**Your assignment**
The records below must be copied in full; omit the images.

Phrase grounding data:
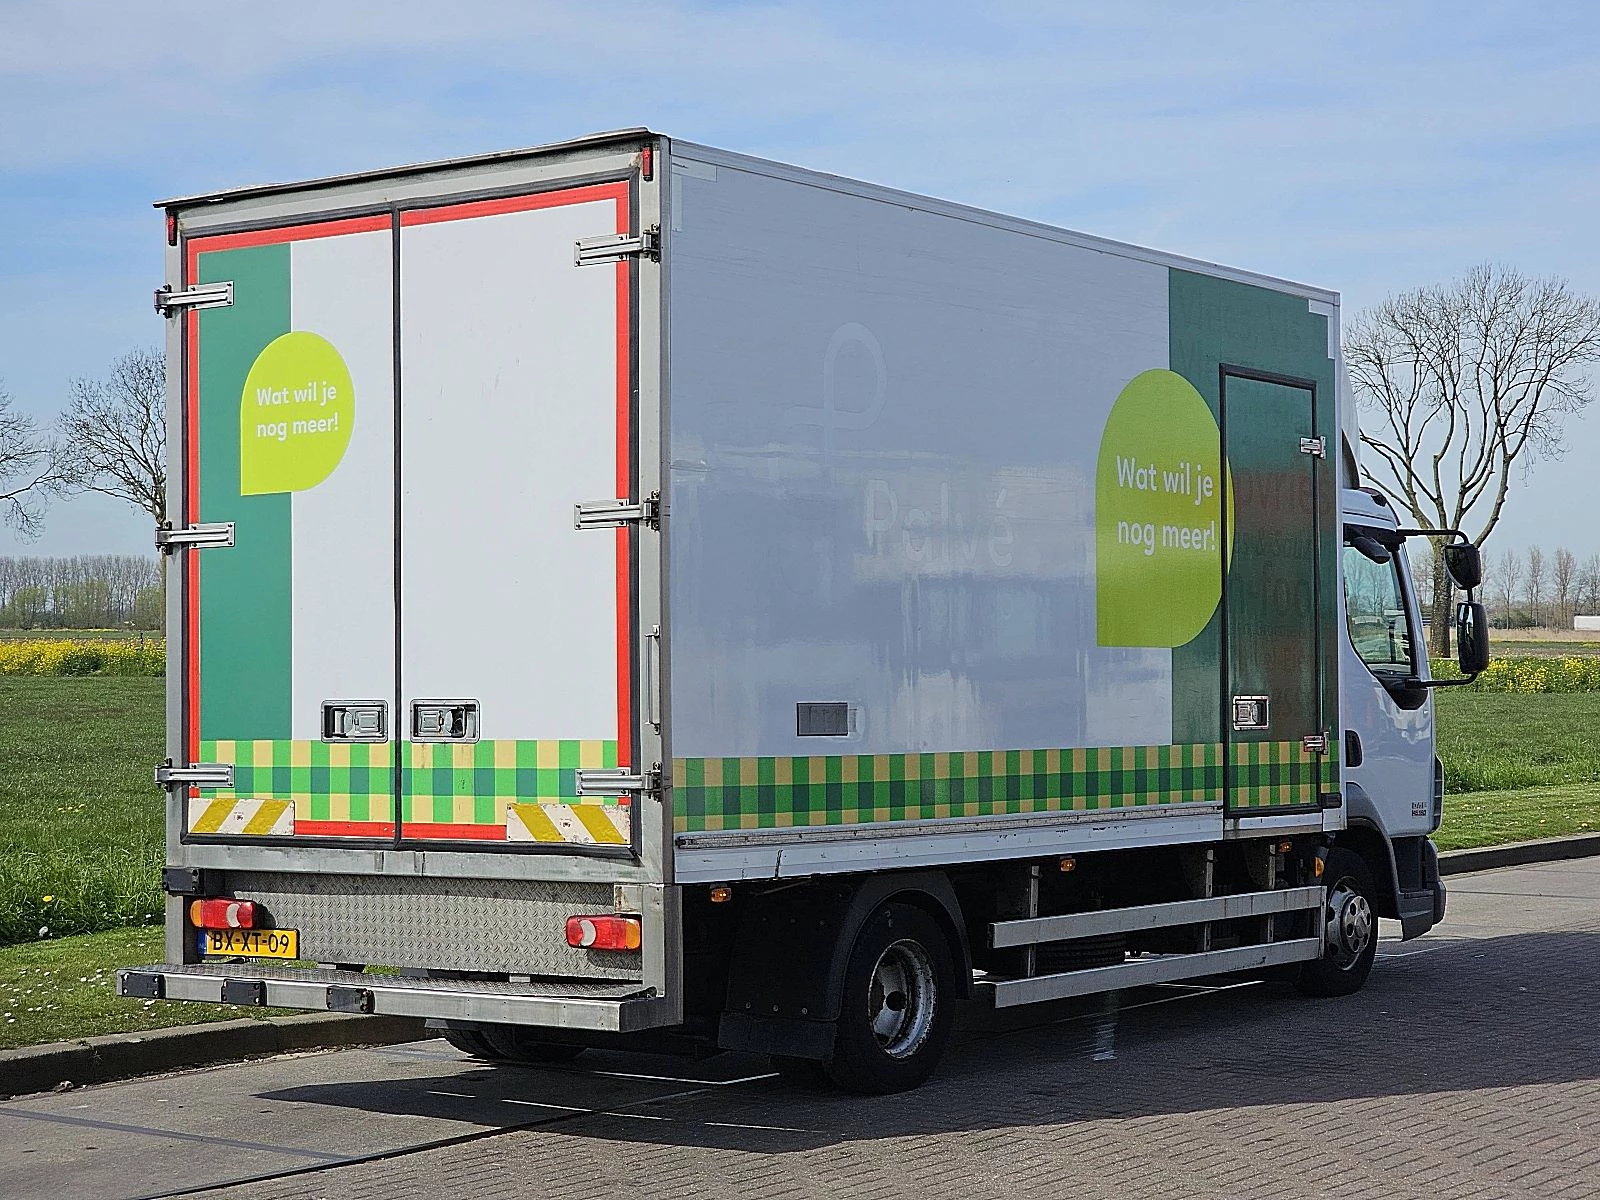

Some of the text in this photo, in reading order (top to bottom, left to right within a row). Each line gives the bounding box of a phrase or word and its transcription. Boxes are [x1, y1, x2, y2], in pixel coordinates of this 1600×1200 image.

[256, 381, 337, 406] Wat wil je
[256, 412, 339, 441] nog meer!
[1116, 455, 1214, 506] Wat wil je
[1117, 520, 1216, 556] nog meer!
[213, 930, 290, 954] BX-XT-09
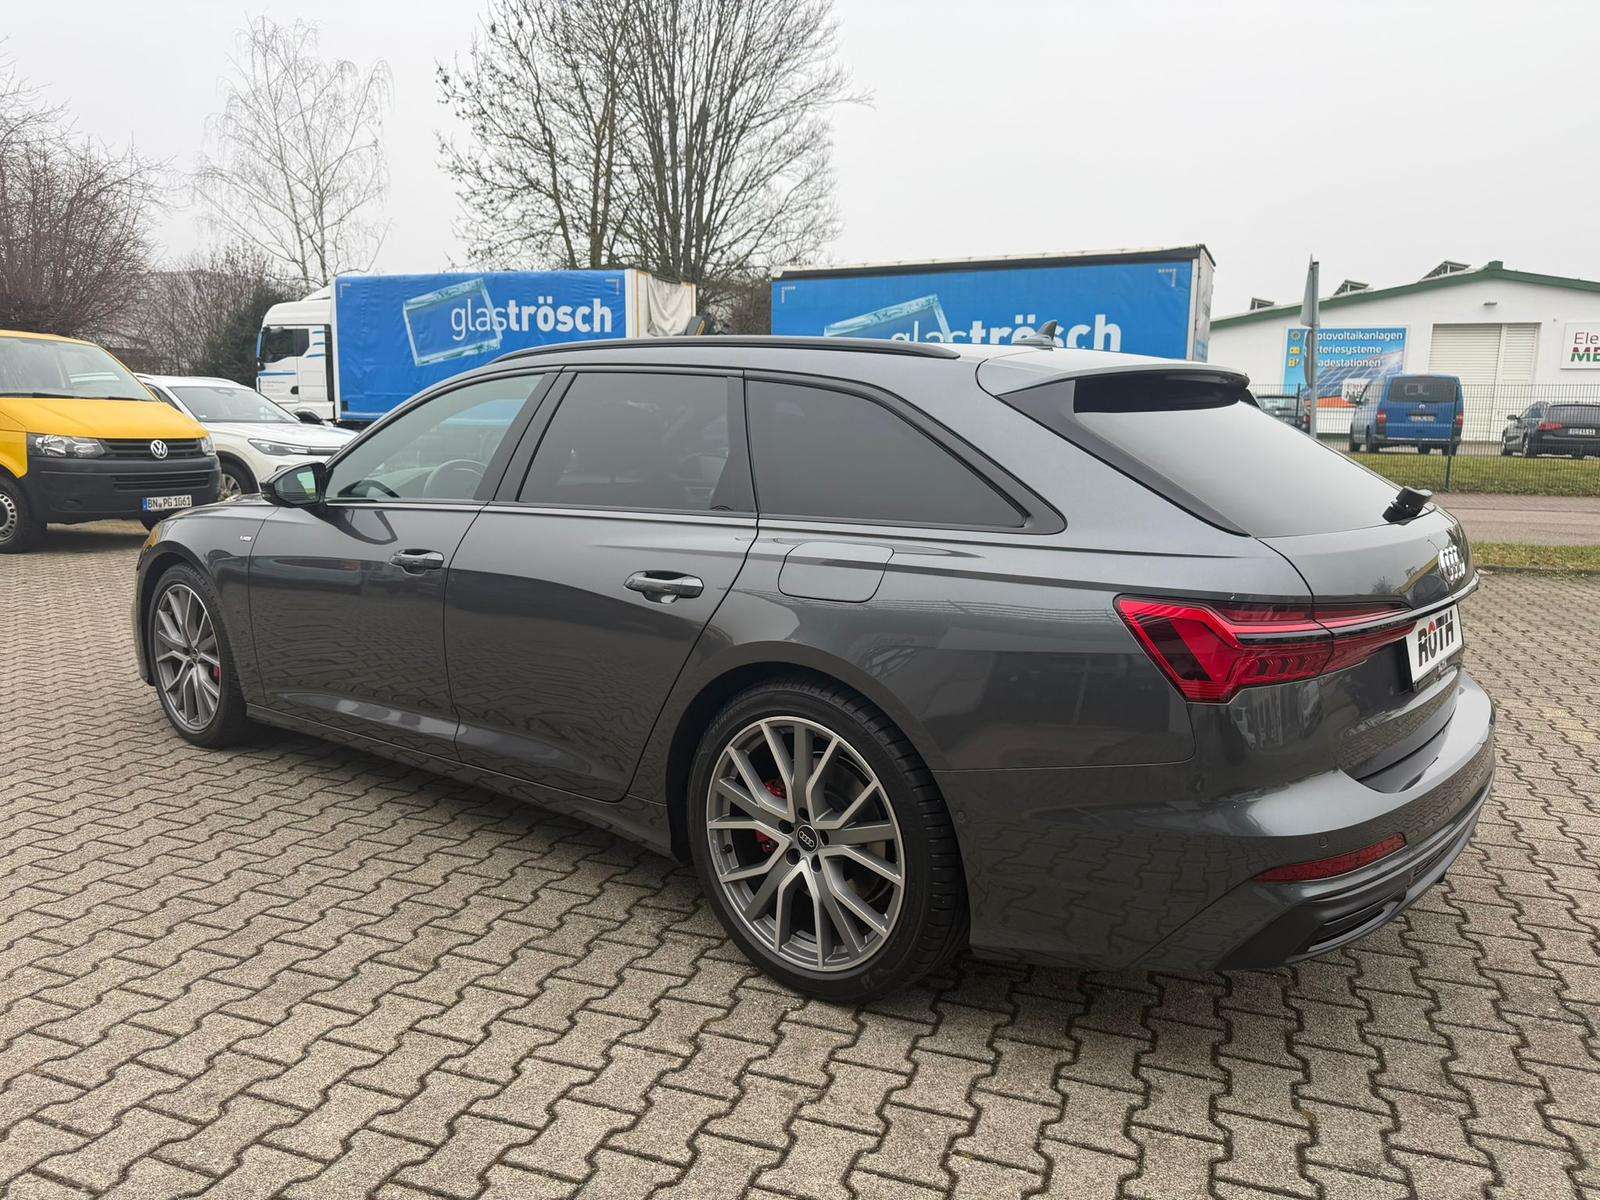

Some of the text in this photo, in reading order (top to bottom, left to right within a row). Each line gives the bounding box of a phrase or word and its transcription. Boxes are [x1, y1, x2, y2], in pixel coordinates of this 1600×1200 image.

[451, 296, 613, 341] glaströsch
[1304, 331, 1403, 342] otovoltaikanlagen
[1304, 344, 1382, 355] teriesysteme
[1417, 609, 1455, 668] ROTH
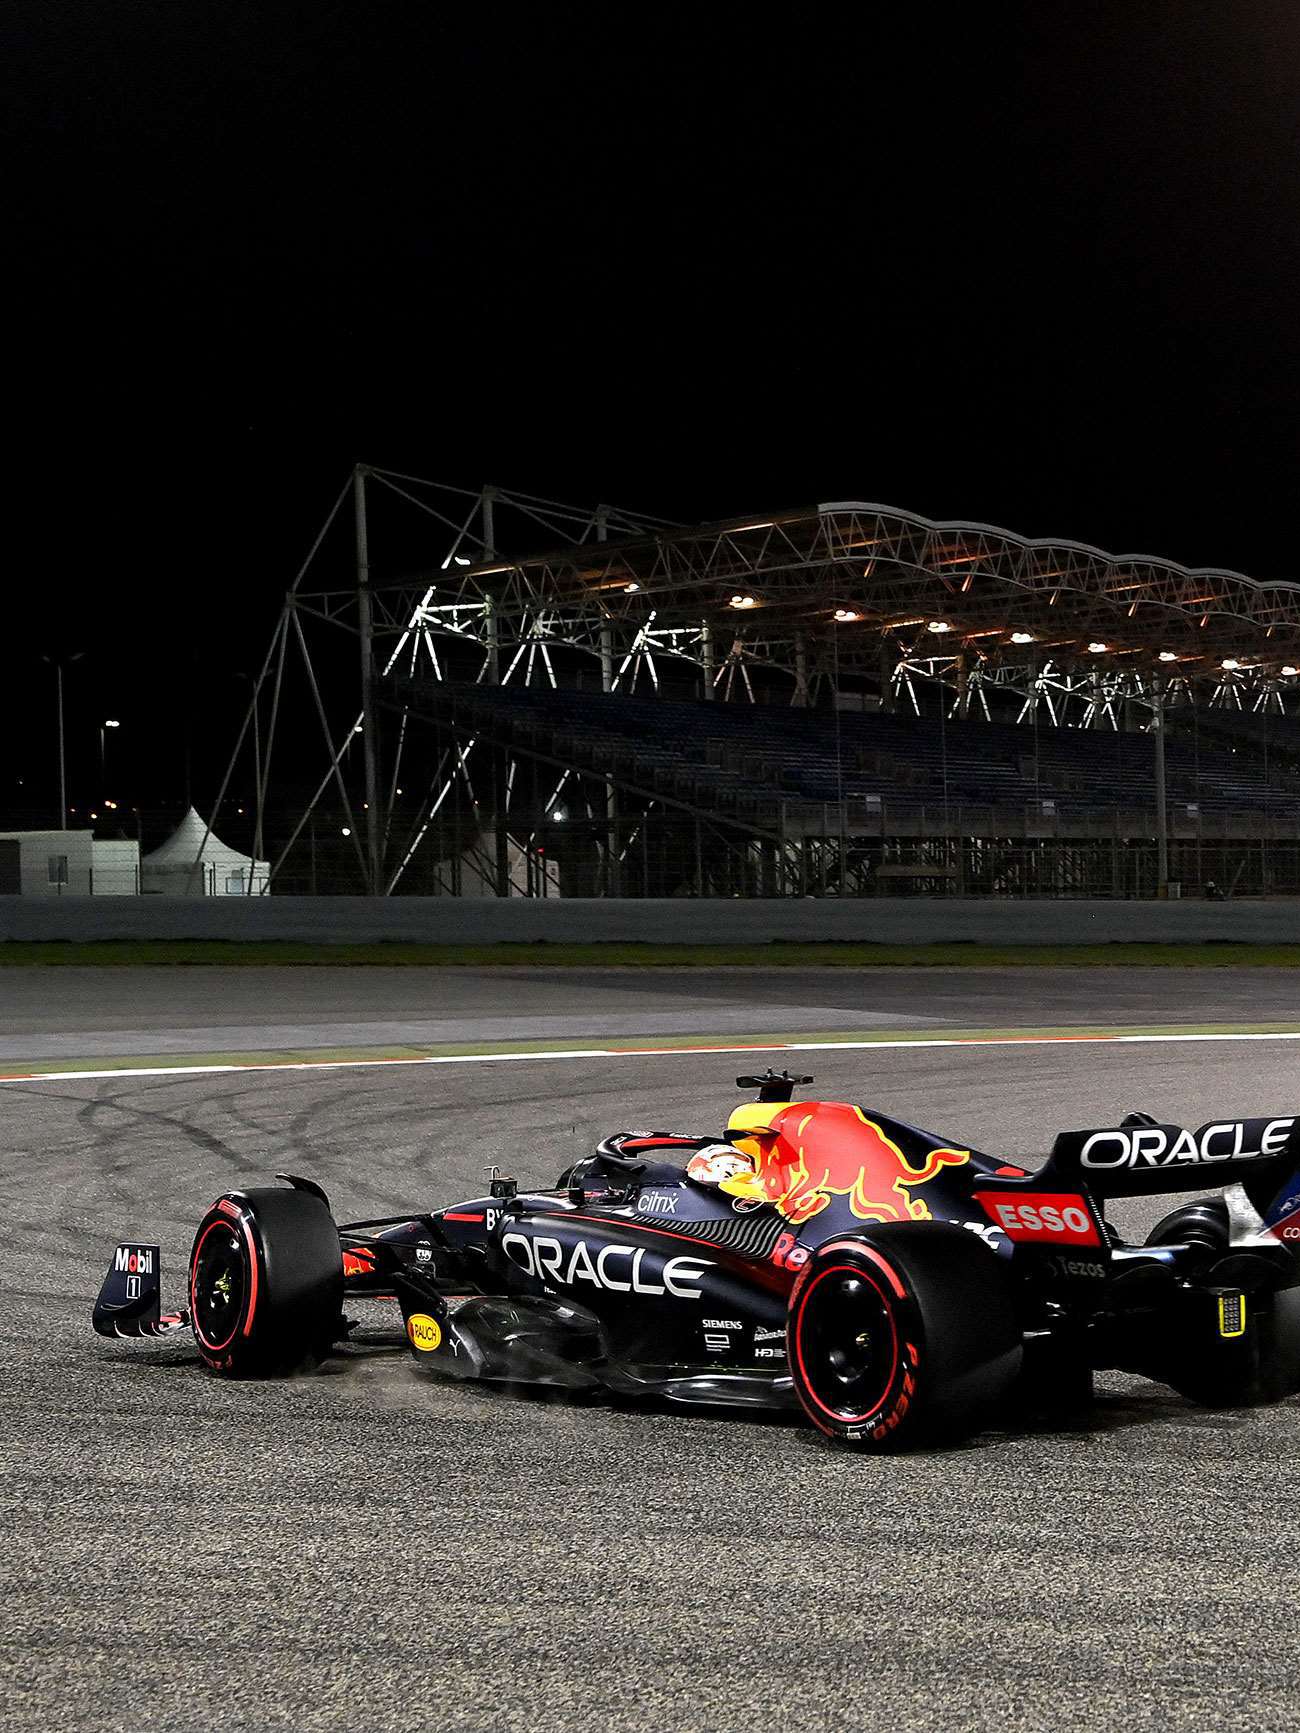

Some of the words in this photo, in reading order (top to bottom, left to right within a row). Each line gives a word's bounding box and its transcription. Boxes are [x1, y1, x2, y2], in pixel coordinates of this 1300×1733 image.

**Finished task**
Some of the text in this photo, in reading order (top to bottom, left to right within a row). Each line gives the bounding box of a phrase or word and its transcription. Boxes are [x1, y1, x2, y2], in pixel coordinates of this 1600×1200 image.

[256, 381, 337, 406] Wat wil je
[256, 412, 339, 441] nog meer!
[1116, 455, 1214, 506] Wat wil je
[1117, 520, 1216, 556] nog meer!
[213, 930, 290, 954] BX-XT-09

Some of the text in this photo, in reading order (top to bottom, left to right within a row). Each line gives the bounding box of a phrase or word and its transcription. Boxes are [x1, y1, x2, y2], in pixel coordinates of this 1600×1200 image.

[451, 296, 613, 341] glaströsch
[1304, 331, 1403, 342] otovoltaikanlagen
[1304, 344, 1382, 355] teriesysteme
[1417, 609, 1455, 668] ROTH

Some of the words in this photo, in reading order (top to bottom, left to right within a row). Each line gives a word's bounding box and its transcription. Boxes are [x1, y1, x2, y2], in pixel coordinates of this 1300×1733 image.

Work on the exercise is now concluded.